WEST (CBS 11 NEWS) – The CBS 11 News investigative team has uncovered a potential problem with the emergency plan in West and McLennan County. While the county regularly conducts training exercises and drills to prepare for disasters, it never included the West Fertilizer Plant, and county leaders say the plant’s leaders never asked to be included in the plans.
Not only did the county not included the plant in any of its emergency preparedness plans, but the city of West never did either. In addition, the county’s emergency management coordinator, Frank Patterson, said he never imagined the plant would explode.
For the first time since the deadly explosion at the West Fertilizer plant, Patterson said the county knew the plant stored 270 tons of potentially explosive ammonium nitrate.
He believes the city of West knew as well.
“Based on verbal conversations I had with both West Fertilizer and West Fire officials in recent years, it was my understanding they had conferred on the hazard of the plant and planned their responses accordingly,” he told CBS 11.
Patterson says each year, the county conducts three training exercises to prepare for disasters.
Their last large exercise was in 2009.
But, he acknowledged, none of the preparedness drills or exercises ever included the West Fertilizer plant or surrounding neighborhood.
CBS 11’s Investigative Reporter Jack Fink asked Patterson why the plant was excluded.
“If asked, we’ll do it,” said Patterson.
Fink also asked if the plant, the city of West volunteer fire department, or the city itself ever requested the county for help with any table top exercise or drills.

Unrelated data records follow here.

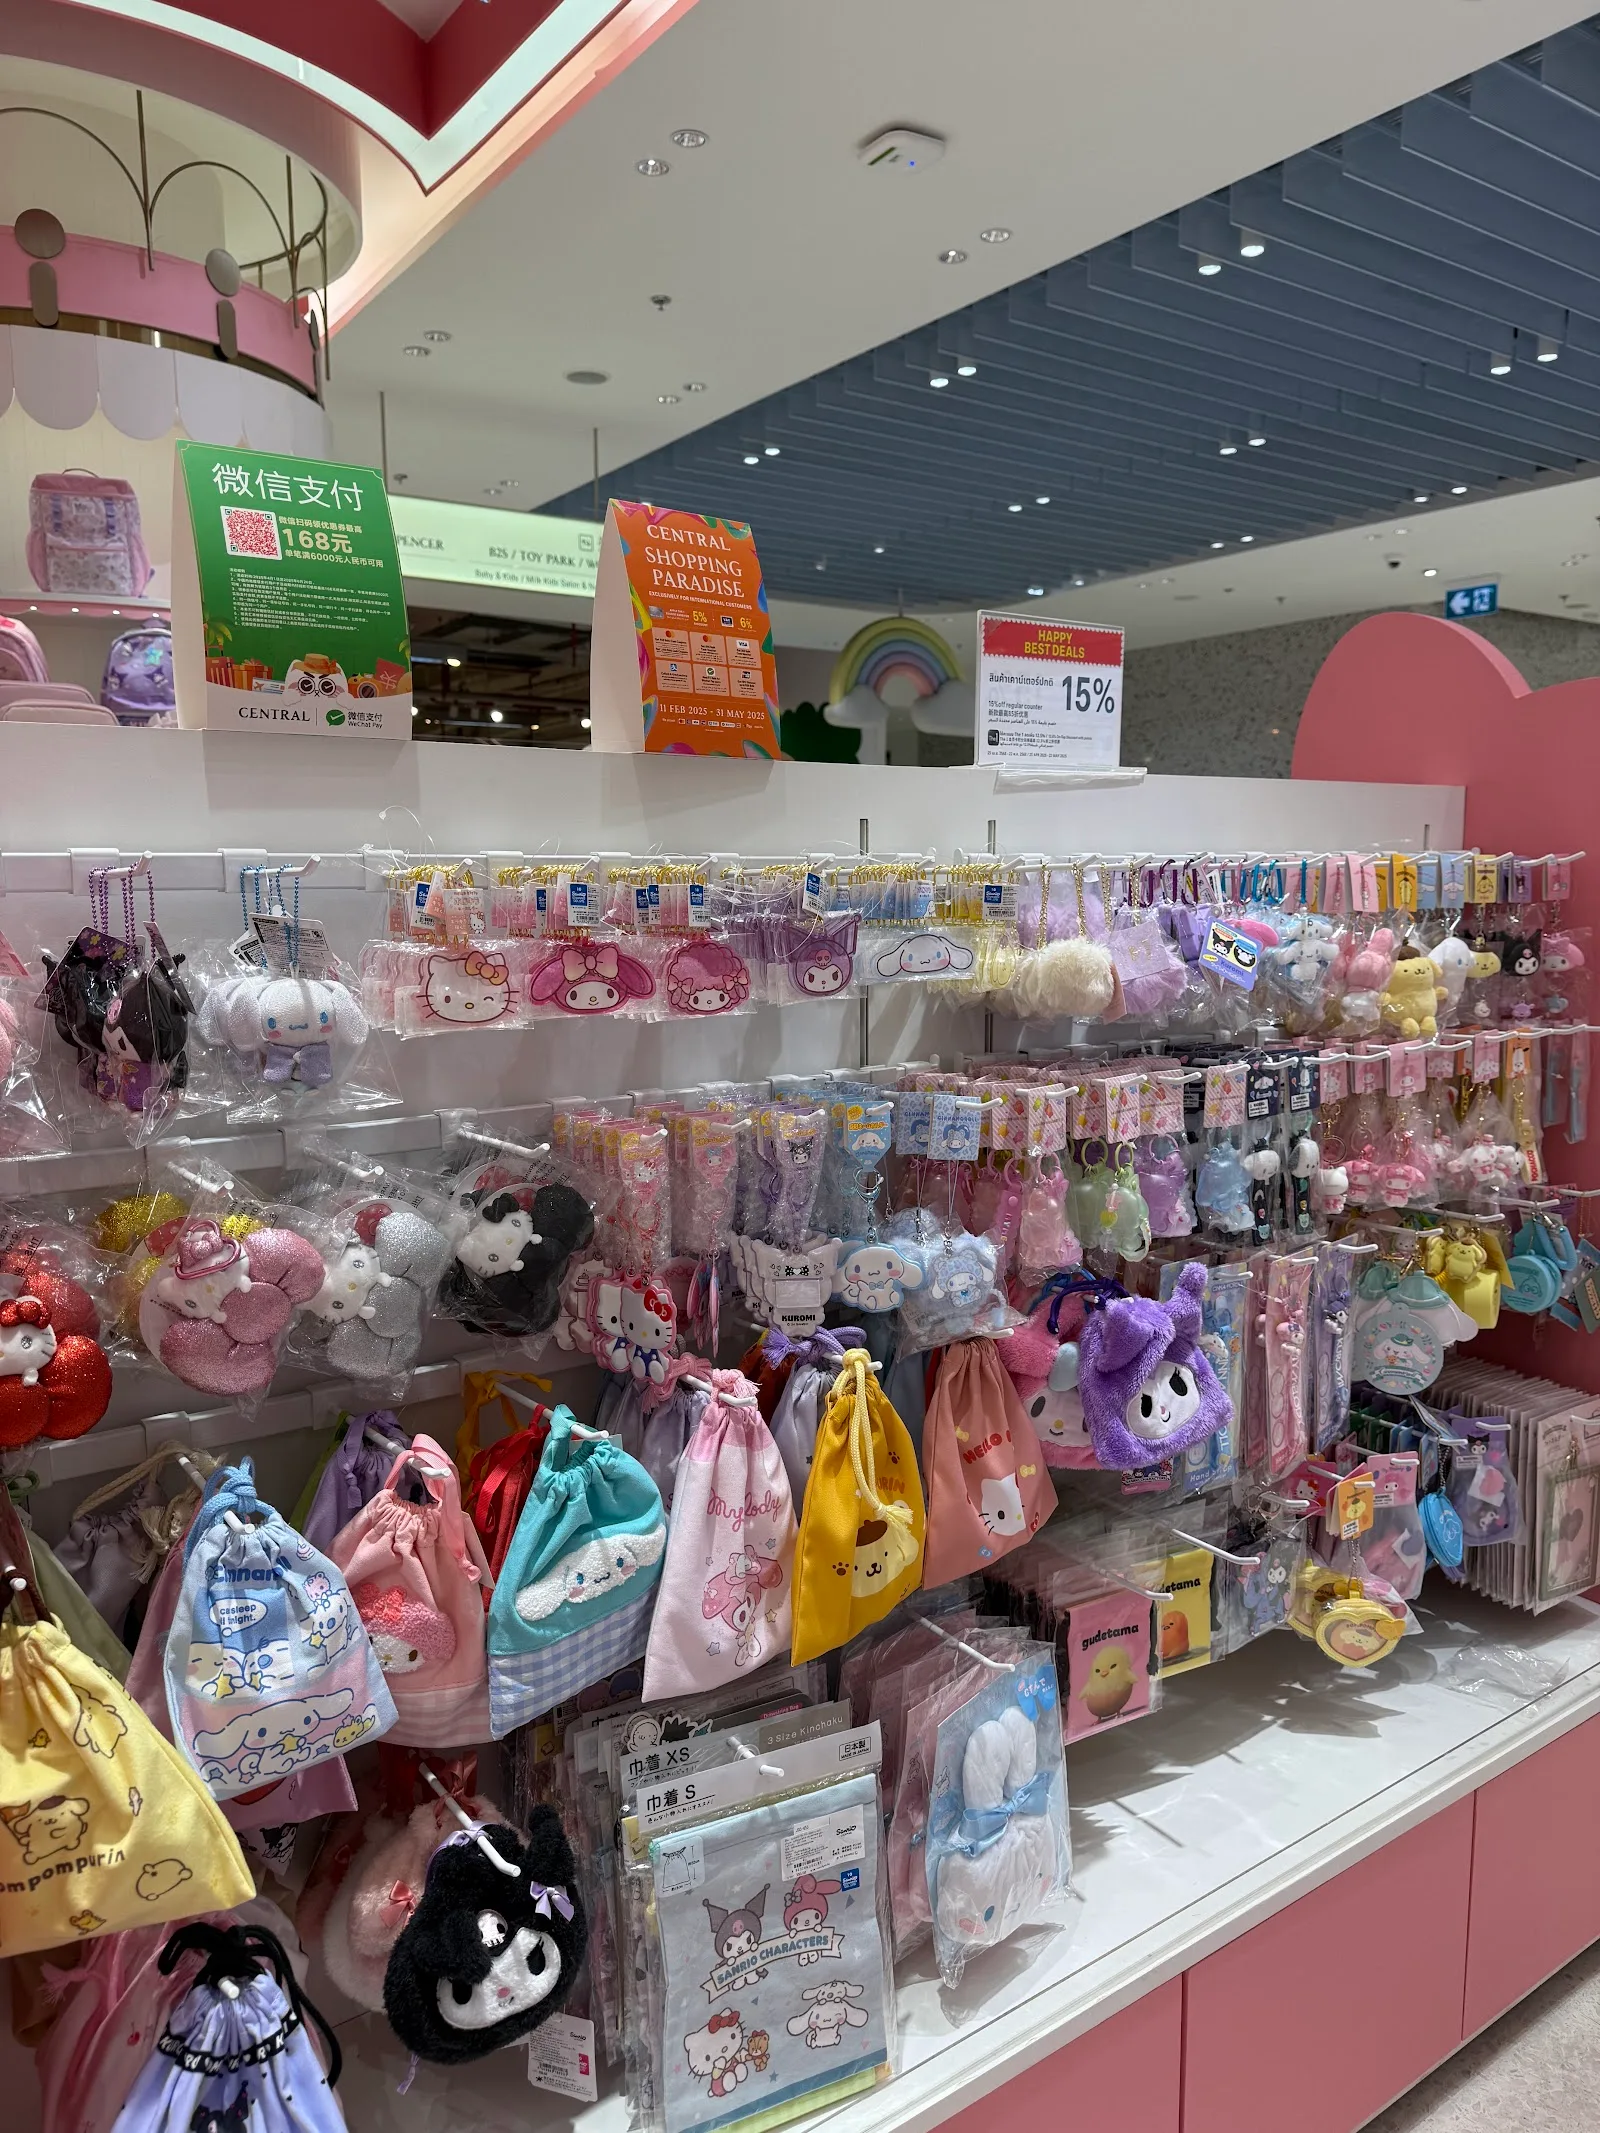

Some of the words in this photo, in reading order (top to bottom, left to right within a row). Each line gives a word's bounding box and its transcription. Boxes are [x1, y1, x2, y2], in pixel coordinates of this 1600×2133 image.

[212, 462, 363, 512] 微信支付
[282, 529, 352, 554] 168元
[396, 534, 444, 550] PENCER
[646, 525, 731, 551] CENTRAL
[284, 549, 384, 568] 单笔满6000元人民币可用
[520, 550, 542, 563] TOY
[545, 553, 576, 566] PARK
[645, 546, 743, 577] SHOPPING
[502, 572, 518, 582] Kids
[544, 577, 559, 587] Kids
[653, 569, 745, 598] PARADISE
[648, 590, 680, 601] EXCLUSIVELY
[680, 594, 690, 602] FOR
[690, 595, 725, 607] INTERNATIONAL
[725, 601, 753, 610] CUSTOMERS
[692, 610, 708, 623] 5%
[1038, 629, 1073, 644] HAPPY
[1024, 642, 1051, 656] BEST
[1052, 645, 1085, 659] DEALS
[1062, 675, 1115, 714] 15%
[238, 707, 311, 722] CENTRAL
[660, 703, 667, 713] 11
[669, 705, 686, 714] FEB
[688, 706, 708, 716] 2025
[716, 708, 724, 717] 31
[726, 709, 745, 719] MAY
[747, 711, 765, 720] 2025
[1005, 702, 1023, 710] regular
[1024, 703, 1043, 711] counter
[347, 711, 383, 723] 微信支付
[348, 720, 370, 728] WeChat
[371, 722, 383, 730] Pay
[1221, 960, 1244, 976] Kuromi
[1526, 1150, 1539, 1181] POCHACCO
[781, 1314, 816, 1322] KUROMI
[1335, 1338, 1345, 1388] KUROMI
[1190, 1469, 1210, 1482] Hand
[875, 1476, 905, 1494] URIN
[707, 1486, 745, 1532] My
[744, 1489, 781, 1522] lody
[1160, 1577, 1201, 1594] detama
[1082, 1624, 1139, 1651] gudetama
[763, 1707, 789, 1719] Drawstring
[789, 1704, 799, 1712] Bag
[767, 1736, 773, 1745] 3
[775, 1730, 797, 1743] Size
[800, 1716, 843, 1736] Kinchaku
[841, 1751, 852, 1759] MADE
[857, 1747, 869, 1755] JAPAN
[844, 1739, 866, 1753] 日本製
[629, 1753, 661, 1776] 巾着
[666, 1747, 690, 1766] XS
[646, 1788, 679, 1812] 巾着
[685, 1784, 696, 1800] S
[836, 1825, 857, 1836] Sanrio
[716, 1955, 758, 1985] SANRIO
[759, 1935, 829, 1961] CHARACTERS
[569, 2031, 587, 2041] Sanrio

“Specifically that plant? Not that I know of,” said Patterson.
State and federal investigators are still trying to figure out what caused the fire and explosion April 17th that killed 15 people.
But did Patterson as emergency management coordinator understand the potential for an explosion there?

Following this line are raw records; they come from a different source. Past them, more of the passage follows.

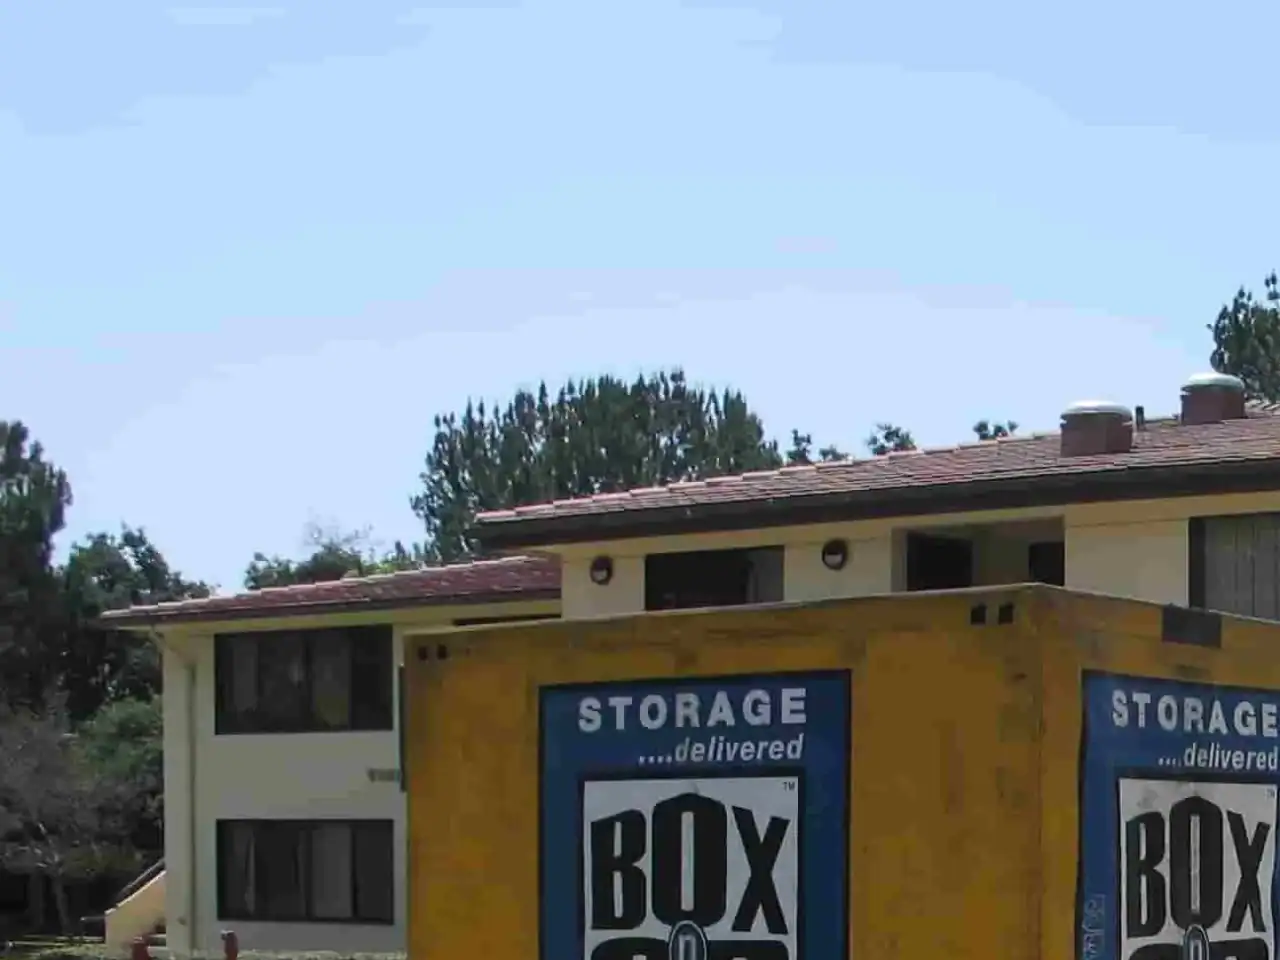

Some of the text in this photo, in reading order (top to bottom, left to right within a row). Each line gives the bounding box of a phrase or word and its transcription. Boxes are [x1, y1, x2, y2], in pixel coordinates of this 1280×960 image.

[577, 688, 807, 733] STORAGE
[1112, 689, 1278, 738] STORAGE
[590, 792, 790, 935] BOX
[1126, 796, 1270, 938] BOX
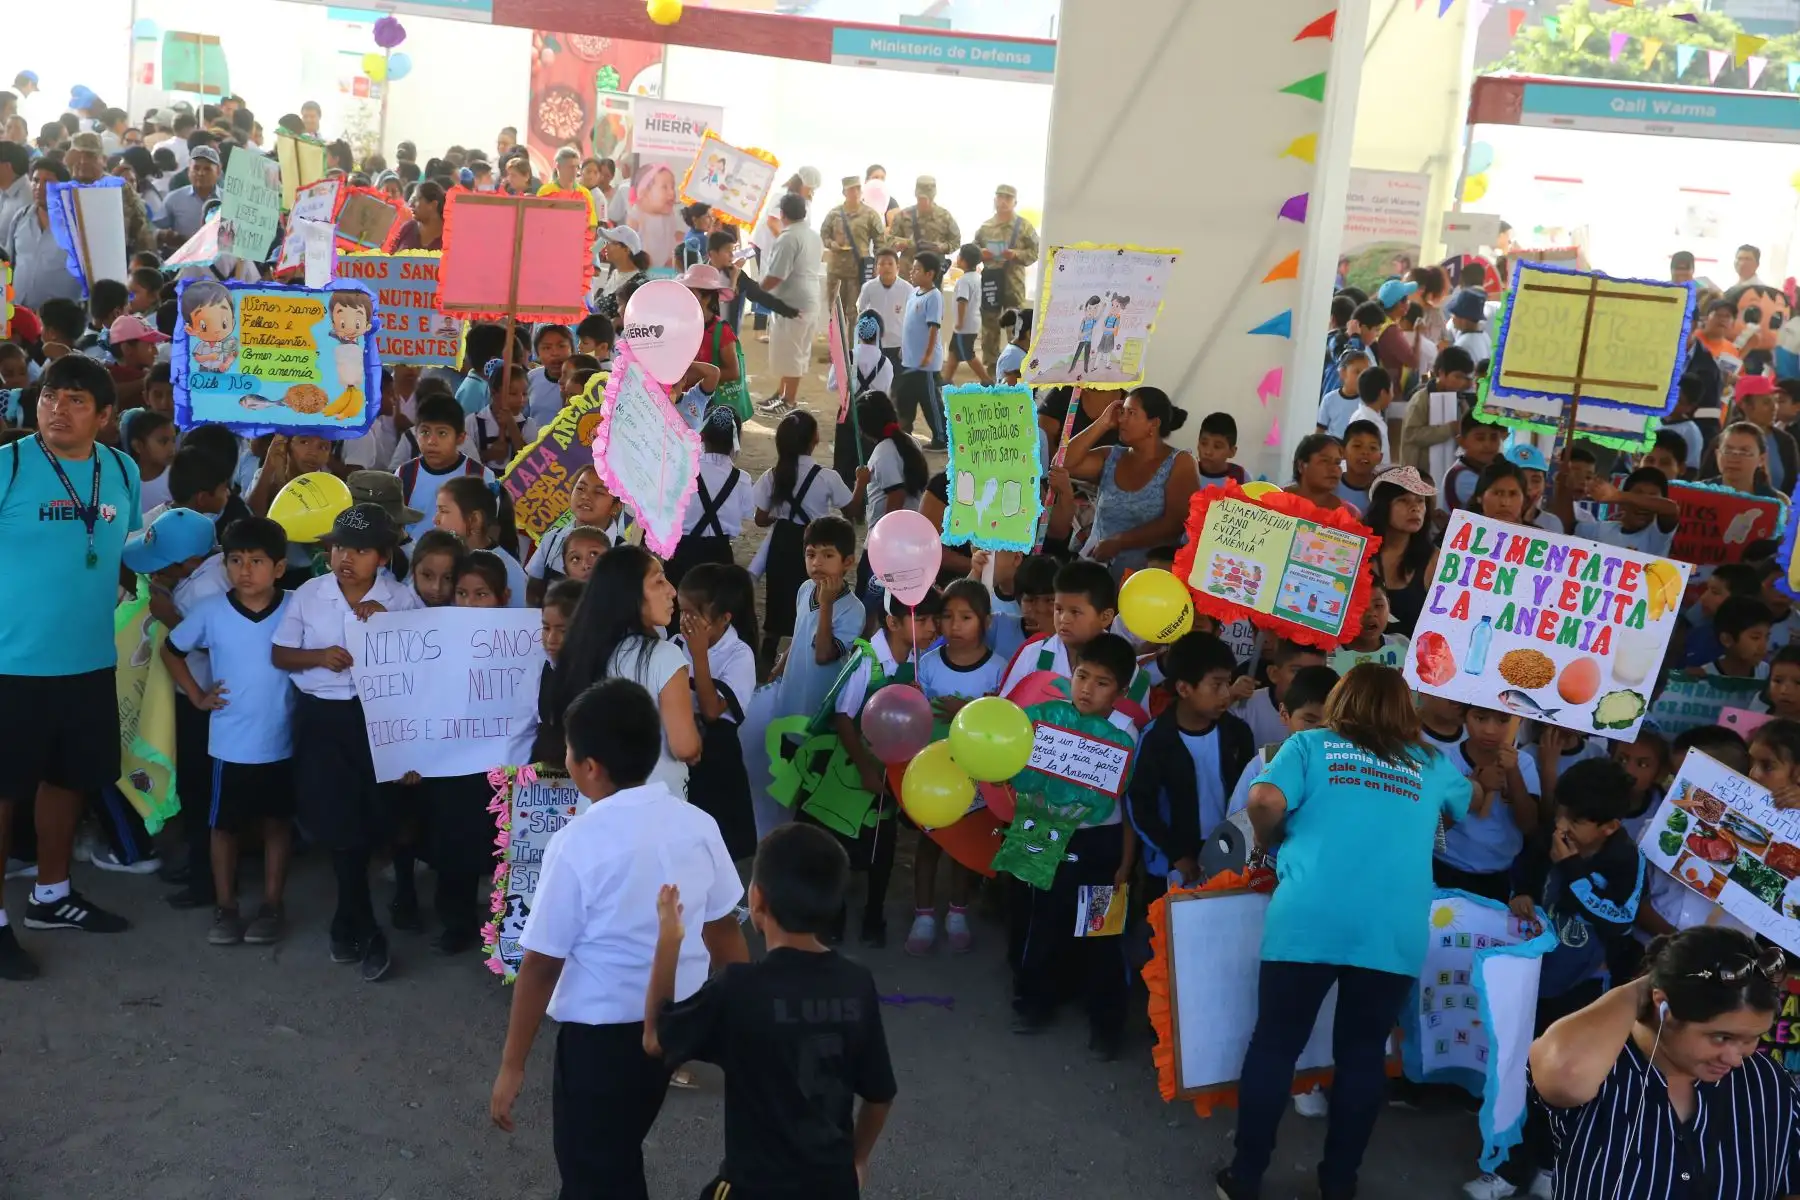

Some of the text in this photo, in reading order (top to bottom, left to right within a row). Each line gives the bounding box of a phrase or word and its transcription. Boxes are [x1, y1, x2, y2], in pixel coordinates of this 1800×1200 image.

[870, 38, 1032, 65] Ministerio de Defensa
[1610, 97, 1717, 118] Qali Warma
[241, 296, 281, 314] Niños
[228, 376, 253, 390] No
[994, 402, 1010, 421] bien
[1214, 535, 1256, 554] ANEMIA
[1250, 534, 1265, 546] LA
[1450, 522, 1642, 592] ALIMENTATE
[1438, 552, 1648, 630] BIEN Y EVITA
[1429, 584, 1613, 656] LA ANEMIA
[359, 671, 414, 703] BIEN
[425, 719, 435, 740] E
[1034, 726, 1055, 744] Soy
[1058, 737, 1074, 748] un
[1323, 741, 1354, 749] Para
[1033, 744, 1057, 757] verde
[1060, 752, 1068, 762] y
[1094, 762, 1119, 775] para
[1044, 760, 1057, 772] la
[1325, 752, 1374, 764] anemia
[1328, 762, 1422, 790] dale alimentos
[1725, 774, 1755, 797] SIN
[1328, 775, 1420, 802] ricos en hierro
[1710, 782, 1754, 816] MEJOR
[774, 998, 861, 1023] LUIS

“If you’re asking sitting here right now? No,” he said.
Fink asked him if anyone from the state ever said he needed to take a look at that beforehand.

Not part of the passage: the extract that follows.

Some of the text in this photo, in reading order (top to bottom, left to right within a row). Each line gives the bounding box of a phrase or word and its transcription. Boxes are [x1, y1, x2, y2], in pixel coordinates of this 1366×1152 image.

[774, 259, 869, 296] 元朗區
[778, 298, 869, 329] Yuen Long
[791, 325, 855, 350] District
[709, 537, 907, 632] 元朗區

“No, no one from the state ever contacted us, [or said] hey you need to take a look at that,” Patterson said.
Patterson praised the city of West, saying if they hadn’t prepared, they wouldn’t have evacuated the neighborhood around the plant as quickly as they did.
“The plan worked,” he said.
He noted that the city had done training exercises in the past, but he couldn’t say whether they included the plant. CBS 11 contacted the mayor and the owner of the fertilizer plant. Those calls were not immediately returned.